Sessions will examine the coordination of these commitments with the National Cyber Action Plan, with stakeholders expressing concerns over strategic approaches to investment and training in local government and public services, and opportunities for developing regional cyber clusters to tackle challenges with capability disparities and access to talent. Support needed to strengthen the resourcing capacity of regulators to supervise newly in‑scope sectors will also be discussed.
Leadership & governance
The agenda will bring out latest thinking on priorities for organisational leadership, skills development, embedding workforce diversity, and tackling regional disparities. Board‑level governance and cyber leadership will be examined, including how good governance principles, clear accountability structures and effective oversight can best be applied to support organisations in meeting new regulatory and resilience requirements.

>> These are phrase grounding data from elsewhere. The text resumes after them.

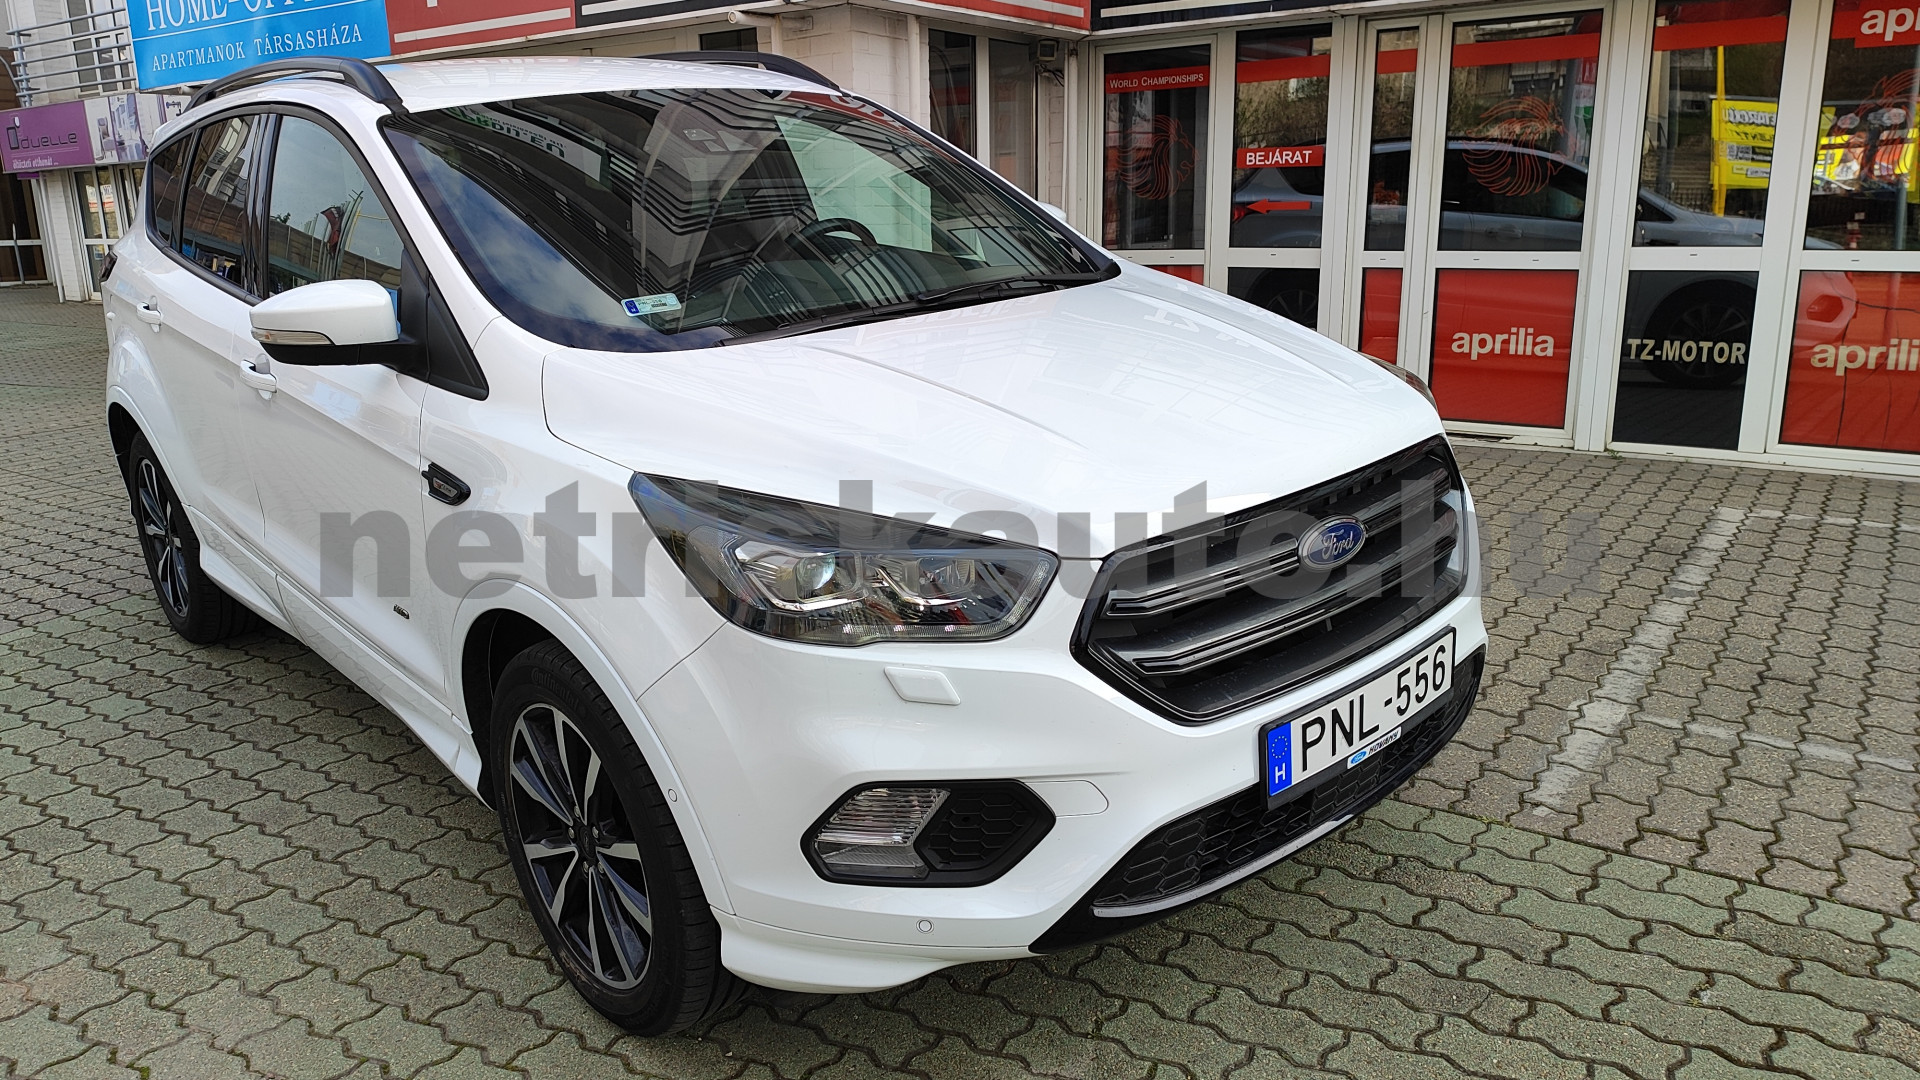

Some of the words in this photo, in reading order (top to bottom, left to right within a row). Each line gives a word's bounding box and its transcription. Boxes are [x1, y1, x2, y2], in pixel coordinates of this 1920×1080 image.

[152, 41, 246, 72] APARTMANOK
[253, 22, 363, 56] TÁRSASHÁZA
[1245, 148, 1313, 166] BEJÁRAT
[1450, 327, 1555, 360] aprilia
[1627, 338, 1746, 365] TZ-MOTOR
[1810, 338, 1920, 377] aprili
[1322, 529, 1355, 559] Ford
[1275, 763, 1286, 785] H
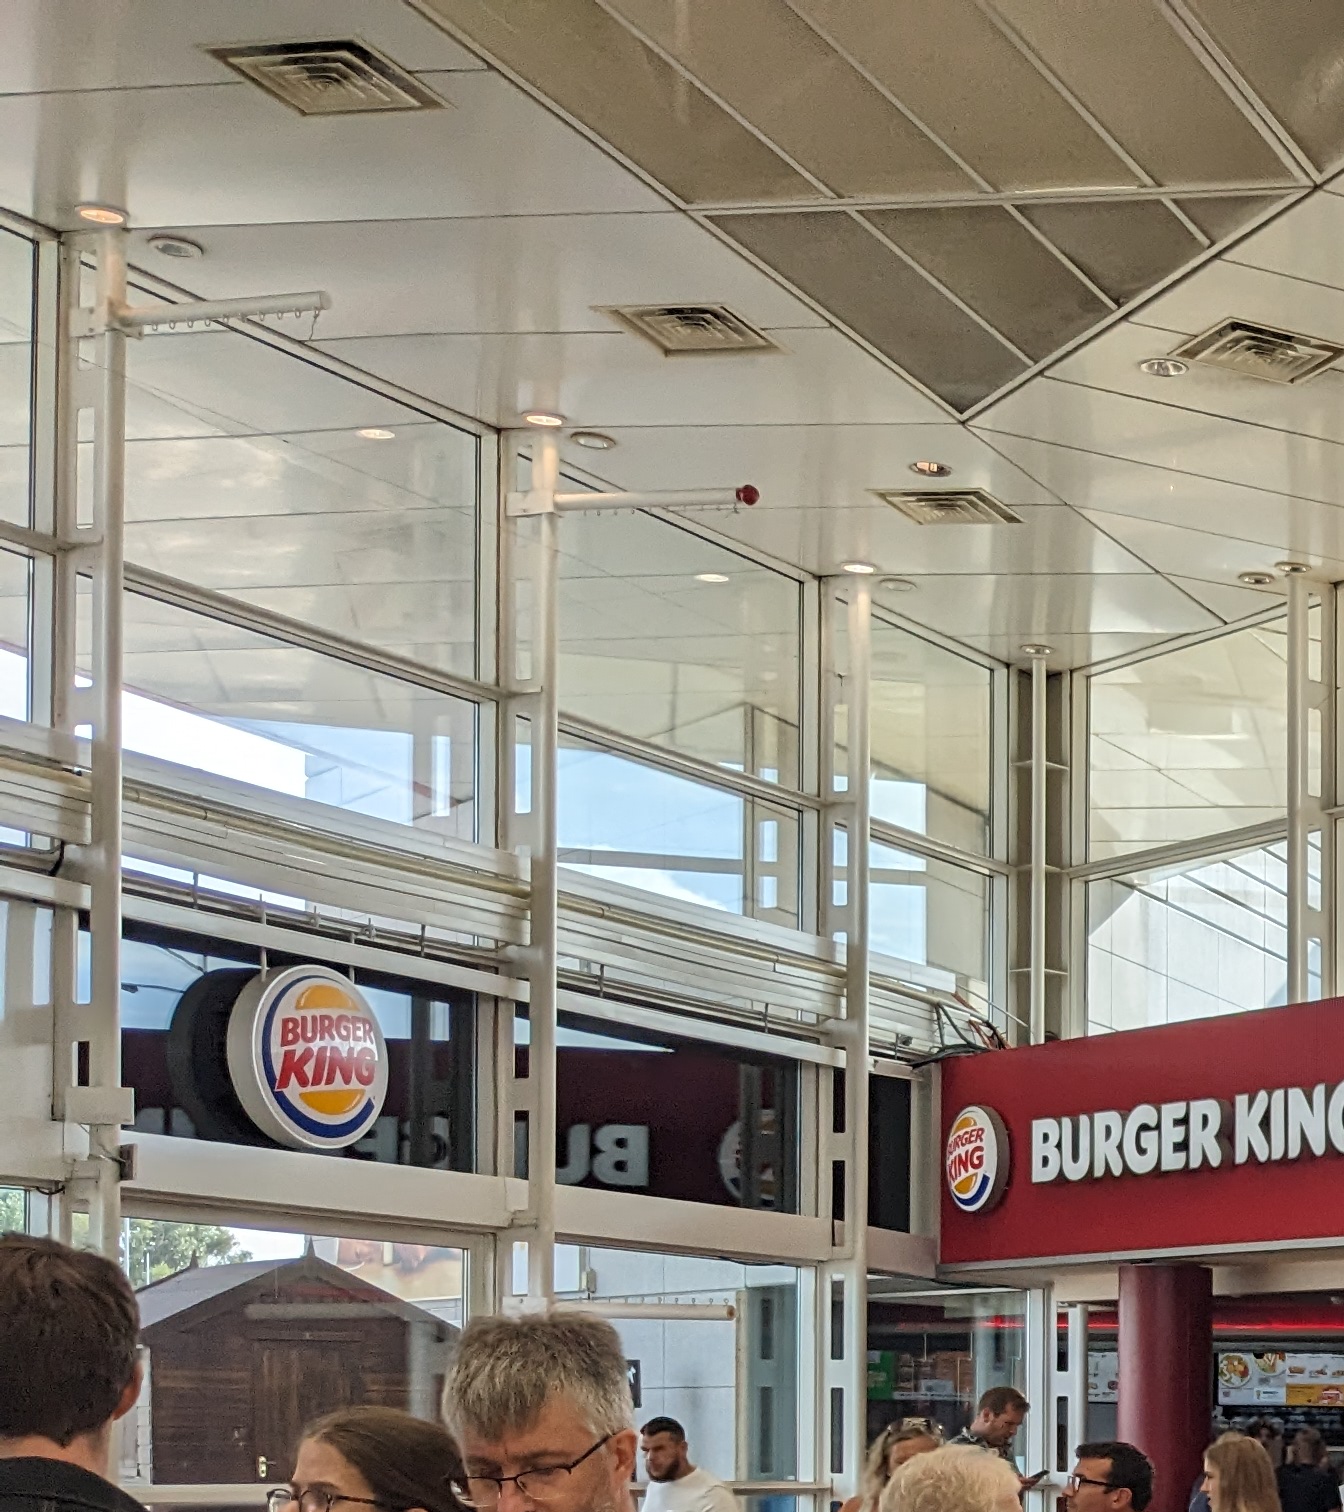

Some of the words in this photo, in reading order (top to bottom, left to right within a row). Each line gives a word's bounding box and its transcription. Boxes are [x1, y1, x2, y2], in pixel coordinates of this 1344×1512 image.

[280, 1014, 375, 1048] BURGER
[275, 1045, 376, 1090] KING
[948, 1127, 985, 1156] BURGER
[1031, 1098, 1222, 1184] BURGER
[948, 1145, 985, 1183] KING

Innovation, collaboration & UK positioning internationally
Attendees will also explore strategies for embedding secure‑by‑design principles into digital infrastructure, opportunities for AI and wider innovation, and approaches to managing the cyber risks associated with increasingly autonomous and generative technologies - as well as strengthening collaboration through cross‑sector frameworks.
Key considerations for the UK’s positioning internationally will also be considered, including alignment with NIS2 and DORA, and strategies to enhance competitiveness in global markets.
All delegates will be able to contribute to the output of the conference, which will be shared with parliamentary, ministerial, departmental and regulatory offices, and more widely. This includes the full proceedings and additional articles submitted by delegates. As well as key stakeholders, those already due to attend include a parliamentary pass-holder from the House of Commons and officials from the Cabinet Office; Department for Education; Department of Health and Social Care; Department for Environment, Food & Rural Affairs; Department for Business and Trade; Department for Energy Security and Net Zero; Department for Science, Innovation and Technology; Department of Agriculture, Environment and Rural Affairs, NI; Department for Transport; Foreign, Commonwealth and Development Office; Government Legal Department; Government Office for Science; Health and Safety Executive; Home Office; HM Revenue and Customs; HM Treasury; Information Commissioner’s Office; Intellectual Property Office; Ministry of Defence; Ministry of Housing, Communities and Local Government; Ofcom; National Crime Agency; the Welsh Government; and The Scottish Government.